Survival time are data that measure the time to a certain event such as death, failure, response, relapse, divorce or the development of a given disease [4]. Survival time can be length of remission, time to disappearance of a tumor, time to death and the time from the start of treatment to the response. Survival time has two important components that must be unambiguously defined: a starting point and an endpoint reached either when the event of interest occurs or when the follow-up time has ended. Survival data may include survival time, response to a given treatment, and patient characteristics related to survival, response and the development of disease. These data can be derived from clinical and epidemiologic studies of humans who have acute or chronic disease.
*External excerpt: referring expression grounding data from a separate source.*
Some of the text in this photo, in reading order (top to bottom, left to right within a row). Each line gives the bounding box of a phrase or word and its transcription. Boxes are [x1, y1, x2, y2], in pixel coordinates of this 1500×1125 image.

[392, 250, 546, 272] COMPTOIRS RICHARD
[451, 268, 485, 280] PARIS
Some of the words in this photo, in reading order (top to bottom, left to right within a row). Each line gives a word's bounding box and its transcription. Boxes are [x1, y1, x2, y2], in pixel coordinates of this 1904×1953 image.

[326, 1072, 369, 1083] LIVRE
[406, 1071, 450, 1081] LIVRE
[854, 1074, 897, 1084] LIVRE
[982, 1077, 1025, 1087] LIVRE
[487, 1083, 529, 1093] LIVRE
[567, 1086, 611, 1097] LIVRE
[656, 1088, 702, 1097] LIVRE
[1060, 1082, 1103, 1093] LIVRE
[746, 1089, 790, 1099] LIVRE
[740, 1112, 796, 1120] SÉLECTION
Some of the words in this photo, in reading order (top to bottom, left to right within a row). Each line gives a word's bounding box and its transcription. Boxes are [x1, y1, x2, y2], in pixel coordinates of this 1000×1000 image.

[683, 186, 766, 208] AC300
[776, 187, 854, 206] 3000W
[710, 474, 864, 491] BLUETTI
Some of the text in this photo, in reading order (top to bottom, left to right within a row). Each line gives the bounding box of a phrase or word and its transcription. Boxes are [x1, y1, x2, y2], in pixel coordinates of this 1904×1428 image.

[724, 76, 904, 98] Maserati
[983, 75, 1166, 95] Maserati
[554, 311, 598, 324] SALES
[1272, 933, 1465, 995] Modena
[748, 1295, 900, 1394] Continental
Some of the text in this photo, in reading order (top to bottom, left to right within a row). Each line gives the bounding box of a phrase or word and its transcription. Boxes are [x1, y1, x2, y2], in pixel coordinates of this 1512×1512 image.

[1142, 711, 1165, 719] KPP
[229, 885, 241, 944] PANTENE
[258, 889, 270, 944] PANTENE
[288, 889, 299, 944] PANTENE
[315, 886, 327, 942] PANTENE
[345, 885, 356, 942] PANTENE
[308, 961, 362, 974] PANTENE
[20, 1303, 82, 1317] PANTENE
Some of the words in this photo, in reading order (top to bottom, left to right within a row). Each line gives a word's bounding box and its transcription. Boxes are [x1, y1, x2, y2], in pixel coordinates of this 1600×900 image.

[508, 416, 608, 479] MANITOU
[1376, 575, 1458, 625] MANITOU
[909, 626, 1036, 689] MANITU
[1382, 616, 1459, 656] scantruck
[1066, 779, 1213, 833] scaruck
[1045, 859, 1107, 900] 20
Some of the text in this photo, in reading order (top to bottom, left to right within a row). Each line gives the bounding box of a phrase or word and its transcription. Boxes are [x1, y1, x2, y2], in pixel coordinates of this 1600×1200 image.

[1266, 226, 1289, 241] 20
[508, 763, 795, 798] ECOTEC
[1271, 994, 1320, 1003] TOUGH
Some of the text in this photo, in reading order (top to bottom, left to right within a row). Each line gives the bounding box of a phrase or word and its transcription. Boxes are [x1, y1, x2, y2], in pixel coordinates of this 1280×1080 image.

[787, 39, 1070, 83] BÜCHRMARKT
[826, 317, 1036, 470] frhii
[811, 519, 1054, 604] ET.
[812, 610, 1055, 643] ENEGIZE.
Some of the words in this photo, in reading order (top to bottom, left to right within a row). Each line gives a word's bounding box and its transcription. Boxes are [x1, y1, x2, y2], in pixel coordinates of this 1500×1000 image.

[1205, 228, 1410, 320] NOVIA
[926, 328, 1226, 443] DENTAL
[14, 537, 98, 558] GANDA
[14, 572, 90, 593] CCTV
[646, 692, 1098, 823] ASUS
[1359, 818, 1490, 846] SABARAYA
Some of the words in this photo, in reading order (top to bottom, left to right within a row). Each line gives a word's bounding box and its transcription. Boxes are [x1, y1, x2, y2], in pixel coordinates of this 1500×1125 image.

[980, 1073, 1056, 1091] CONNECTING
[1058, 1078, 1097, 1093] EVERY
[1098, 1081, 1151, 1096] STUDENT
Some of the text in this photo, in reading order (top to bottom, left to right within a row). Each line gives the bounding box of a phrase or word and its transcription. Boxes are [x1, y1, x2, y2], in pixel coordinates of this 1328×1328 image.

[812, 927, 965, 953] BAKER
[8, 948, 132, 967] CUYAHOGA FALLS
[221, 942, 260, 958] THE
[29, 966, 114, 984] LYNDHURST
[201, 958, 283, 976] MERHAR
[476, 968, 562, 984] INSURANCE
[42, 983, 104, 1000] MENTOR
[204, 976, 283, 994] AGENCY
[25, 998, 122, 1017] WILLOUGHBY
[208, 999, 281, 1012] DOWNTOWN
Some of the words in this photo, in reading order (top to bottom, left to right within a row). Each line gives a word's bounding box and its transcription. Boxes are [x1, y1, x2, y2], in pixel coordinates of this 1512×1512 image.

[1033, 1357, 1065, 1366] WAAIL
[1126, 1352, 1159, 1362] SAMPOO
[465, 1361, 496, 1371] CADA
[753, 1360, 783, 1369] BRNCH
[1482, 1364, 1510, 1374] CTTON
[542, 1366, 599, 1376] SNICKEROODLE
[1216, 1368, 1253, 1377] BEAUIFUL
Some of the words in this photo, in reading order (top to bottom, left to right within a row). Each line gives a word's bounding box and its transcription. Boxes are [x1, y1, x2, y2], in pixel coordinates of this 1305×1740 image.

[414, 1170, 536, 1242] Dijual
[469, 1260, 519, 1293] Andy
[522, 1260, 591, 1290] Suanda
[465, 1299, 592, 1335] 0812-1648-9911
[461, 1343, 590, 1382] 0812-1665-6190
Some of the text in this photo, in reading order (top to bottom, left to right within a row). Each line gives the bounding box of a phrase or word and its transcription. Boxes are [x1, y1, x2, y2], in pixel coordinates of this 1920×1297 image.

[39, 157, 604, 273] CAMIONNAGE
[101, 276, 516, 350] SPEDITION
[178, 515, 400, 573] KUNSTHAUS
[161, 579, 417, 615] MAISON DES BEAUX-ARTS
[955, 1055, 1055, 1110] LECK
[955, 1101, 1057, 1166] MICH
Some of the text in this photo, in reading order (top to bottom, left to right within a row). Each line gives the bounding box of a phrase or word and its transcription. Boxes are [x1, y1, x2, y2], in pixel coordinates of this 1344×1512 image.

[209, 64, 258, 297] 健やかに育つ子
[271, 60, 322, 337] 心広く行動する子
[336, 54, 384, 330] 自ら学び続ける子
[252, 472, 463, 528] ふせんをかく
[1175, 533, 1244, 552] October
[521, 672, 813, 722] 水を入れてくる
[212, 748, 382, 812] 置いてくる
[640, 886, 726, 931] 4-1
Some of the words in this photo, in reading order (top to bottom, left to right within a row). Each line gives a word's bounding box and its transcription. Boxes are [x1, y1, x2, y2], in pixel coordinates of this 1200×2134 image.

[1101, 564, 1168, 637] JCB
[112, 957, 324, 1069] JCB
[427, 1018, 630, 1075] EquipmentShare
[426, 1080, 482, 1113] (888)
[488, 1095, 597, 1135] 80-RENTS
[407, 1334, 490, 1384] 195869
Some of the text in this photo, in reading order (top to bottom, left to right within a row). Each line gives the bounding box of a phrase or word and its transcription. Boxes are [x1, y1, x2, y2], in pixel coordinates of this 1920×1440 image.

Unlike other statistical methods such as logistic regression, among others, survival analysis considers censoring and time.

Censoring can occur when the patients lost to follow up to the end of the study. Censored data are data that arises when a person’s life length is known to happen only in a specified period of time. Possible censoring schemes are said to be right censoring, when the participant is still alive at a specified period of time, left censoring when the participant has experienced the event of interest before the study begin, or where the only information is that the event of interest occurs within a given interval, that is interval censoring. In analysis of time to event data, censored observations contribute to the total number at risk till the time that the participant is no longer been followed. One advantage here is that the length of time that a participant is followed does not have to be the same for everyone. All observations could have different amounts of time of follow-up, and the analysis can take that into account.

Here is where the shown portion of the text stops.